(E. Sisti) – Sta prendendo forma un lungo addio, addio alle speranze, ai sogni, a ciò che è stato. È una strada disseminata di malinconia per un passato di qualità, si teme, definitivamente perduto, di fischi dei tifosi inferociti per i supercontrolli della polizia («comprendo la loro delusione », ammette Garcia) ma anche per un presente inaccettabile che fa sbottare persino un pezzo di pane come Florenzi («sono confuso, non so più quale sia il mio ruolo»), di dubbi per un futuro “bostoniano” impalpabile, vagamente surreale. Nella Roma della disarmonia e del «buon anno» scritto in cinese sulle maglie (in Cina festa da giovedì), nella Roma che aspira a una visibilità planetaria ma pareggia con l’ultima in classifica, sono finite le certezze.
I passi falsi della Juve sono irrilevanti, illudono. Una squadra sparita, tragicamente “normale”, dove darsi una mano non va più di moda, non si corre, si aspetta che sia sempre un altro a risolvere o inventare.
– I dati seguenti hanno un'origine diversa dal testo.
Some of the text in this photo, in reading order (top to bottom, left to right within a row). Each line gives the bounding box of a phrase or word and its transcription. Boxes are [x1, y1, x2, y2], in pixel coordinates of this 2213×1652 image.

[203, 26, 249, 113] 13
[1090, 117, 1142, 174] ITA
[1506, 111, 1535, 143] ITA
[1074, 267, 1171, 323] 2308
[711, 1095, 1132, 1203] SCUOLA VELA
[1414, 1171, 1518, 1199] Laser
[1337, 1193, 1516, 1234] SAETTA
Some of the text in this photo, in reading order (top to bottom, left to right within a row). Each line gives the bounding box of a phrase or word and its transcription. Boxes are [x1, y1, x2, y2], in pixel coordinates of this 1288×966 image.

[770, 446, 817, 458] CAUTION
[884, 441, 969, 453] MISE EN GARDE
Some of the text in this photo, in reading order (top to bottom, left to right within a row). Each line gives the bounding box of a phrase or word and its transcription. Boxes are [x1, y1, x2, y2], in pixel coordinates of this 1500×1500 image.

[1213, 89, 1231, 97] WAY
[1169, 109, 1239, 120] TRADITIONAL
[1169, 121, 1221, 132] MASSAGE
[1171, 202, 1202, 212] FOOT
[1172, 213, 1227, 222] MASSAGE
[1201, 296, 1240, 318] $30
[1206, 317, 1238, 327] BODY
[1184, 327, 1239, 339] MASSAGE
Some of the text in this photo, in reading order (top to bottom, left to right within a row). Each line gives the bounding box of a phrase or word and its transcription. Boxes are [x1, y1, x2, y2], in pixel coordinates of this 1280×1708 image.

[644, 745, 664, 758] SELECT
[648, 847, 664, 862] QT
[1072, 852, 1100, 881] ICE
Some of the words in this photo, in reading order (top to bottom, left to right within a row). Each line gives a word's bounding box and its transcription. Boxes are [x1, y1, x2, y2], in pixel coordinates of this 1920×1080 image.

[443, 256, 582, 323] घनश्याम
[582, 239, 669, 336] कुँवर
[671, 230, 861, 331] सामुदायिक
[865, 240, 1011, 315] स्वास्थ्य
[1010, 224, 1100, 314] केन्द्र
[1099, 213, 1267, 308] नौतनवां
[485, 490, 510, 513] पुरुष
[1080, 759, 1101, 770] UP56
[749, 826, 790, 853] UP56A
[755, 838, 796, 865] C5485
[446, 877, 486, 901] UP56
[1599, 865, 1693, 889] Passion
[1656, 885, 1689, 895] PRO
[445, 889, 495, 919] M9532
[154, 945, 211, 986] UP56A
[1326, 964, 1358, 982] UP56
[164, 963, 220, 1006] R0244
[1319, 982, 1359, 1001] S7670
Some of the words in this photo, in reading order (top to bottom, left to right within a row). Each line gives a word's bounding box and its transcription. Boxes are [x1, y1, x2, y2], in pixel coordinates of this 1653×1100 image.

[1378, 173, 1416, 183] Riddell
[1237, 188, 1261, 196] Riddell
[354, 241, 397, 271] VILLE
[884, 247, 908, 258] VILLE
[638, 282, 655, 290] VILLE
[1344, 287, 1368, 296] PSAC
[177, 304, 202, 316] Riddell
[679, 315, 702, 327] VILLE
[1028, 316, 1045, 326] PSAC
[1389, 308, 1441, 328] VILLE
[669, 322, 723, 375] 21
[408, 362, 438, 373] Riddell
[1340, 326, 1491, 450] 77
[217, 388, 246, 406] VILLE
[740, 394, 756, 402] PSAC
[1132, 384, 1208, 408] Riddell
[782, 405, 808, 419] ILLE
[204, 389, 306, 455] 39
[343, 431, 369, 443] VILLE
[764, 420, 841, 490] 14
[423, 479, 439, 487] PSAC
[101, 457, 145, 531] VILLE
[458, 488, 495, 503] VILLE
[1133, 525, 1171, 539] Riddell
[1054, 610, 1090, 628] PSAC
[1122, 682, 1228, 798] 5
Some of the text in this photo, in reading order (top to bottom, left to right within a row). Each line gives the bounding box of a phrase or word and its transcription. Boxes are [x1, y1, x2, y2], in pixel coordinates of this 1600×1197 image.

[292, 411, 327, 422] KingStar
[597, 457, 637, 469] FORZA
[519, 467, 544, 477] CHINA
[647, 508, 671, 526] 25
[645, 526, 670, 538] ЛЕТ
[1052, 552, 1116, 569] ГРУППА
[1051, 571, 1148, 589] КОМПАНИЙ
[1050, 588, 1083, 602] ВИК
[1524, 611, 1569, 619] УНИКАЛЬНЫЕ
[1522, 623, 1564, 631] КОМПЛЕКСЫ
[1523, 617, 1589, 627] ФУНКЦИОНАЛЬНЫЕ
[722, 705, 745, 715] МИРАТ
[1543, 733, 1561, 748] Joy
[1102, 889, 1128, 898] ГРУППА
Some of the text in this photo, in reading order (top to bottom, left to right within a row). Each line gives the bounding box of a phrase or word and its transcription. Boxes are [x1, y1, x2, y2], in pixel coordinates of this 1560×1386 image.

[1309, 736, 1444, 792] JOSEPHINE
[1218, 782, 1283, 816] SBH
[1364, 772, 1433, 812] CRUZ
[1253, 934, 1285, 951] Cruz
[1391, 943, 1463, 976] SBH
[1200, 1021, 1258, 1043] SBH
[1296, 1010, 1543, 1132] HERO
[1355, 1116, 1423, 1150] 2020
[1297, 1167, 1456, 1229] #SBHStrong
Dal mito del recupero palla fulmineo e delle densità mirate, dal piombare sempre primi sulle palle vaganti, la Roma sta sperimentando l’opposto: un’involuzione tattica e una perenne crisi fisica. Il compagno spesso è un estraneo, i ritmi sono impietosi. Ieri la Roma senza luce, oltre che senza Totti e Pjanic, da tempo in calo, ha cercato con ogni mezzo di somigliare al Parma, il bruscolino della serie A. Offrendo solo due palle-gol Donadoni ha vissuto una giornata dignitosa. Senza il crisma della velocità, De Rossi, Nainggolan e Keita equivalgono a Mauri, Mariga e Nocerino.
Senza un’intensità sistematica e motivazioni ridotte, Belfodil può giocare meglio di chiunque si presenti a fare il centravanti nella Roma. Rasentando la mediocrità consapevole degli emiliani, i giallorossi sono precipitati in un imbuto, paralizzati anche da una banale conta numerica in rapporto agli spazi: se non corri il 4-3-3 provoca risibili ammassamenti di truppe che guardano sempre dalla parte sbagliata, spalle alla porta (appena meglio col 4-2-3-1 dopo l’uscita di De Rossi). Non trovando mai aria respirabile, perché mal cercata, la Roma si sta negando come collettivo. E la reattività è prossima allo zero: per calciare in porta (23’ pt) Gervinho ha impiegato lo stesso tempo che gli ci è voluto per tornare dalla Guinea Equatoriale. A parte un tiro dello stesso Gervinho respinto da Mirante (13’ st), una mezzo rovesciata di Nainggolan (27’ st) e uno slalom di Ljajic (42’ pt), la Roma ha schiumato pallone di basso livello sino ad ammalarsi di rabbia.
Una rabbia impotente che nemmeno Daniele Verde, ancora una volta il migliore, l’unico con le gambe vive, ha potuto cancellare: è entrato tardi perché Garcia s’era illuso che Gervinho e Doumbia, impresentabili per motivi diversi, potessero aggiungere almeno entusiasmo dopo il trionfo in Coppa d’Africa. Si sbagliava. Gervinho era lento e al tempo stesso isterico, Doumbia pareva già vecchio e artrosico (per due volte nel secondo tempo non è riuscito ad allungarsi con le gambe e con la testa, come preda di ataviche ruggini). Nel vagare di questa Roma regredita all’unisono, distante, uno dei migliori è stato Cole, suo l’incrocio dei pali al 38’ della ripresa dopo che Doumbia era andato a vuoto. E che l’inglese svetti, e che ogni volta Verde sia praticamente costretto a travestirsi da Maradona, è la riprova che il resto, piaccia o no, non c’è. Più.